Meaning what? I'm giving it to the government to give back to me (minus 98%)?


----------



## derosa (Aug 21, 2010)

Two things pashley, first just because he earned it legally doesn't even remotely make it ethical and/or moral. Never confuse ethics with legal as they will frequently miss each other completely. Half of what wall street does is legal, at one time so was buy and selling slaves, legal has nothing to do with ethics.

second, you taxes go to pay for a lot more then others who may or may not actually need it, things like our national defense, infrastructure and paying for all the deadbeats that fill the seats in DC. I find it interesting that you would use the word blessed in your signature, a typically Christian word, while at the same time denigrating those who may need assistance both in this post and in another; a very unchristian act.


----------



## DrDirt (Feb 26, 2008)

This is more of a philosophical issue - Obama is all about "Spreading it around" 
It is not about infrastructure spending or defense.

This quote from OBama in Roanoke Virgina campaigning on Saturday speaks VOLUMES about what our role is.

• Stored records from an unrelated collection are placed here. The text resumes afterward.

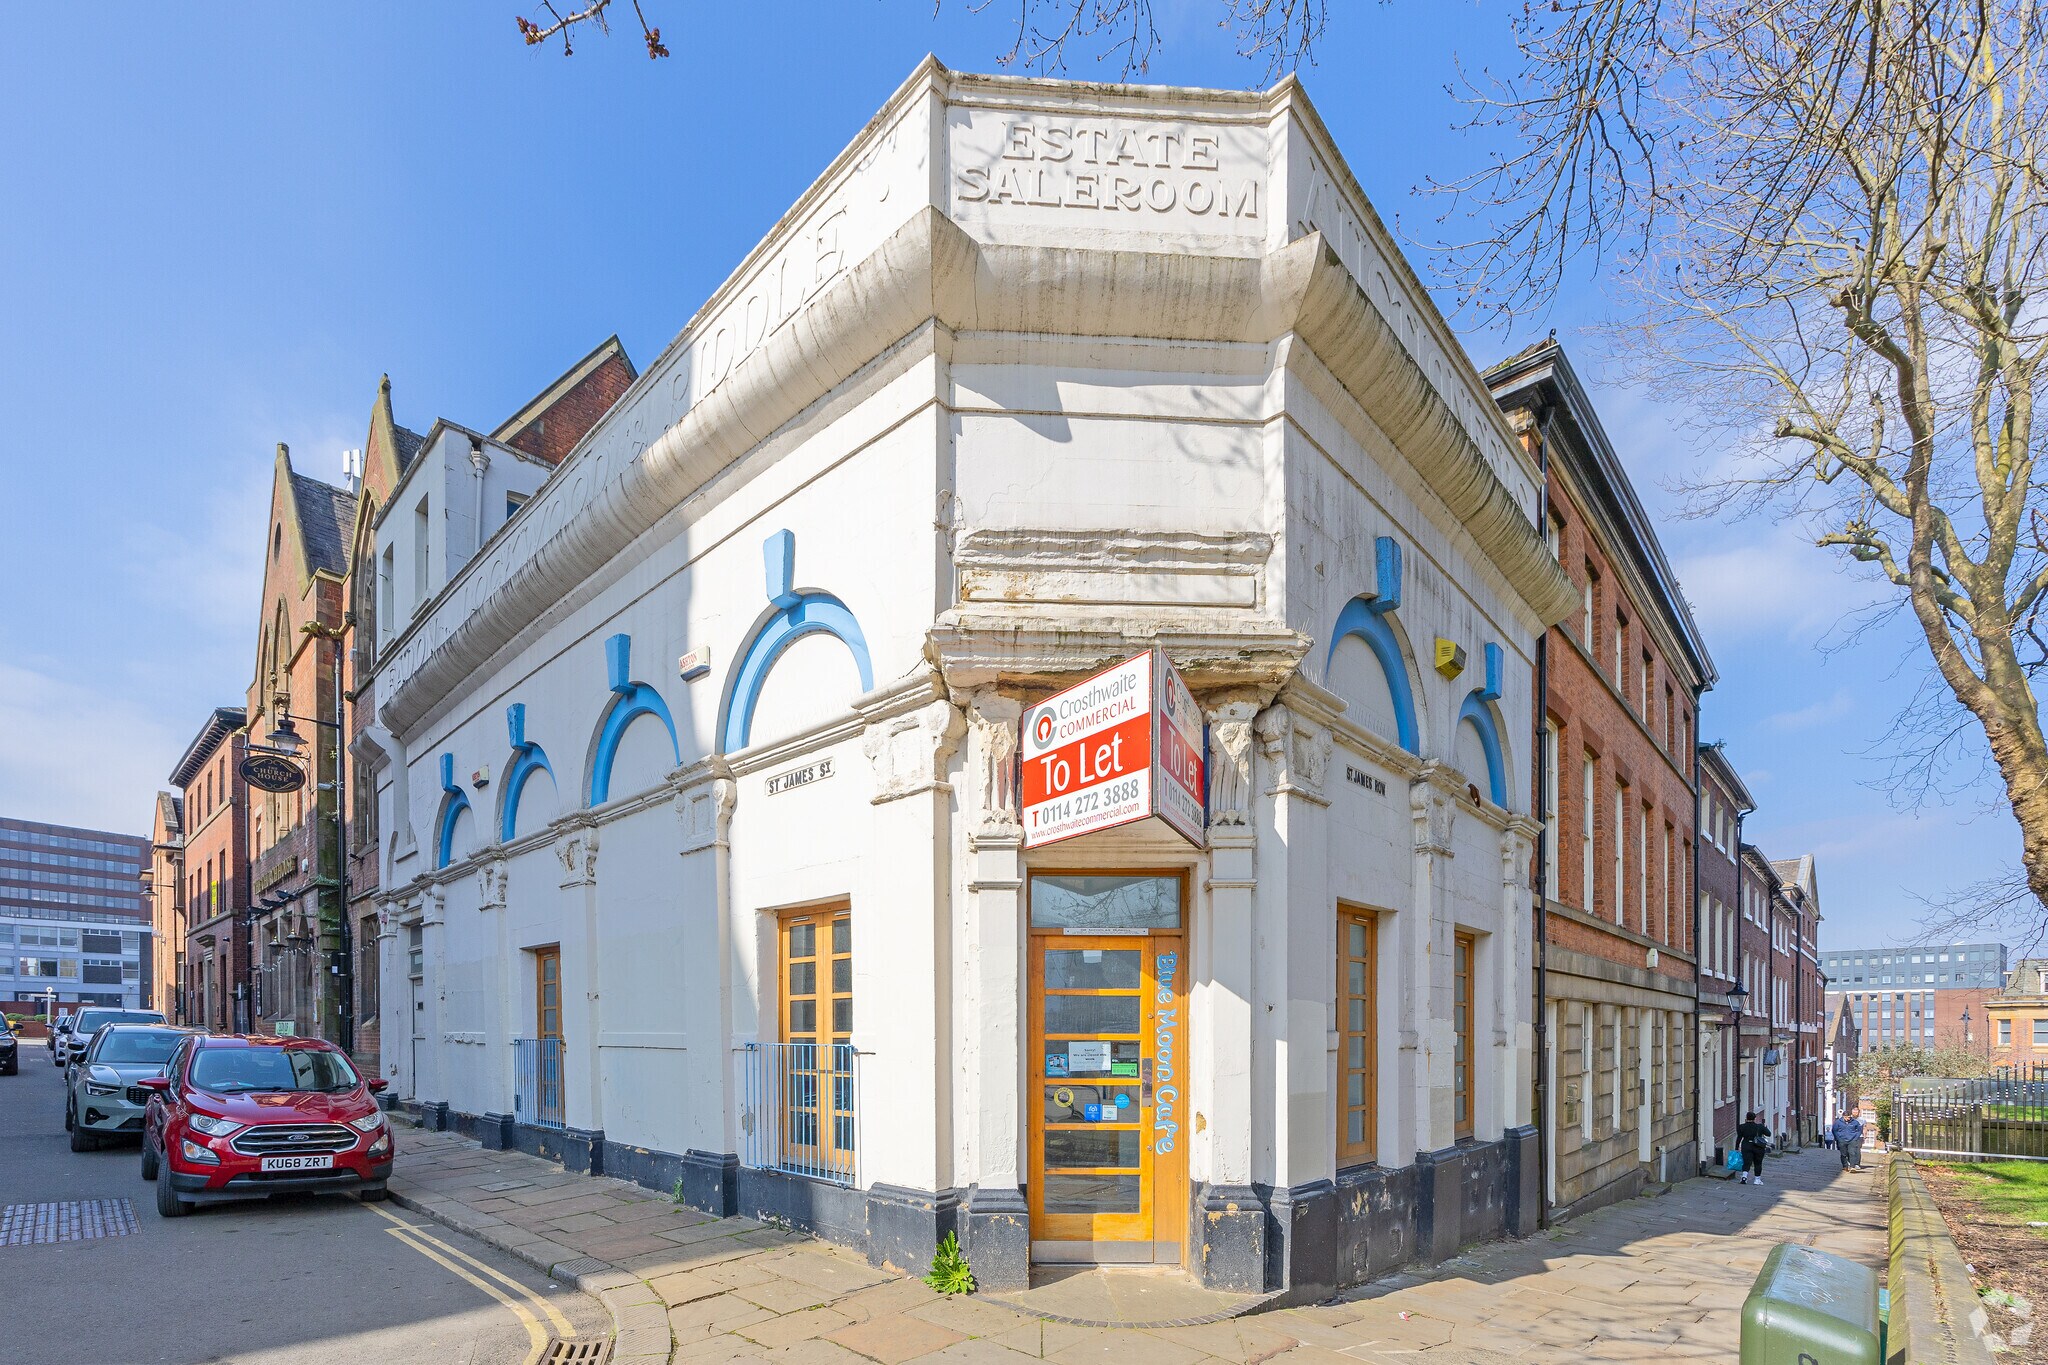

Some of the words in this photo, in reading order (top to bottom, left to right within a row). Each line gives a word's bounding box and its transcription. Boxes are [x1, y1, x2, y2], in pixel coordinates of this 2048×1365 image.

[1001, 120, 1219, 171] ESTATE
[957, 167, 1258, 219] SALEROOM
[1060, 673, 1137, 720] Crosthwaite
[1060, 696, 1137, 739] COMMERCIAL
[253, 767, 292, 778] CHURCH
[257, 772, 289, 782] HOUSE
[769, 777, 780, 793] ST
[784, 767, 814, 788] JAMES
[819, 761, 831, 777] ST
[1040, 753, 1071, 795] To
[1079, 732, 1124, 784] Let
[1168, 725, 1181, 777] To
[1183, 743, 1198, 796] Let
[1353, 770, 1373, 790] JAMES
[1032, 810, 1039, 828] T
[1042, 801, 1071, 825] 0114
[1075, 791, 1099, 816] 272
[1103, 778, 1139, 807] 3888
[1168, 781, 1181, 809] 0114
[1030, 802, 1140, 840] www.crosthwaitecommercial.com
[1156, 950, 1178, 1004] Blue
[1156, 1008, 1178, 1082] Moon
[267, 1158, 301, 1169] KU68
[304, 1156, 329, 1168] ZRT

"If you've got a business - you didn't build that," Obama told the crowd. "Somebody else made that happen."

President Obama said successful Americans did not become successful on their own - they had help.

"If you've been successful, you didn't get there on your own," he said. "You didn't get there on your own."

This country has a long history of people making things happen, taking chances and striking off on their own endeavors. The notion that everything you do or find success in is a result of someone elses work is BS


----------



## DanYo (Jun 30, 2007)




----------



## Sawkerf (Dec 31, 2009)

Sorry Rev. Russ, but I gotta disagree with you. A nations legal system tries to reflect it's ideas of morality and ethics, but will never achieve that goal simply because there are no universal definitions of moral or ethical behavior.

For example, Islamic law has provisions which we find odd - if not completely abhorrent. Who's right? Is a practicing Muslim following a legal code which reflects his ideas of morality and ethics wrong because it doesn't agree with our own? Who makes that decision?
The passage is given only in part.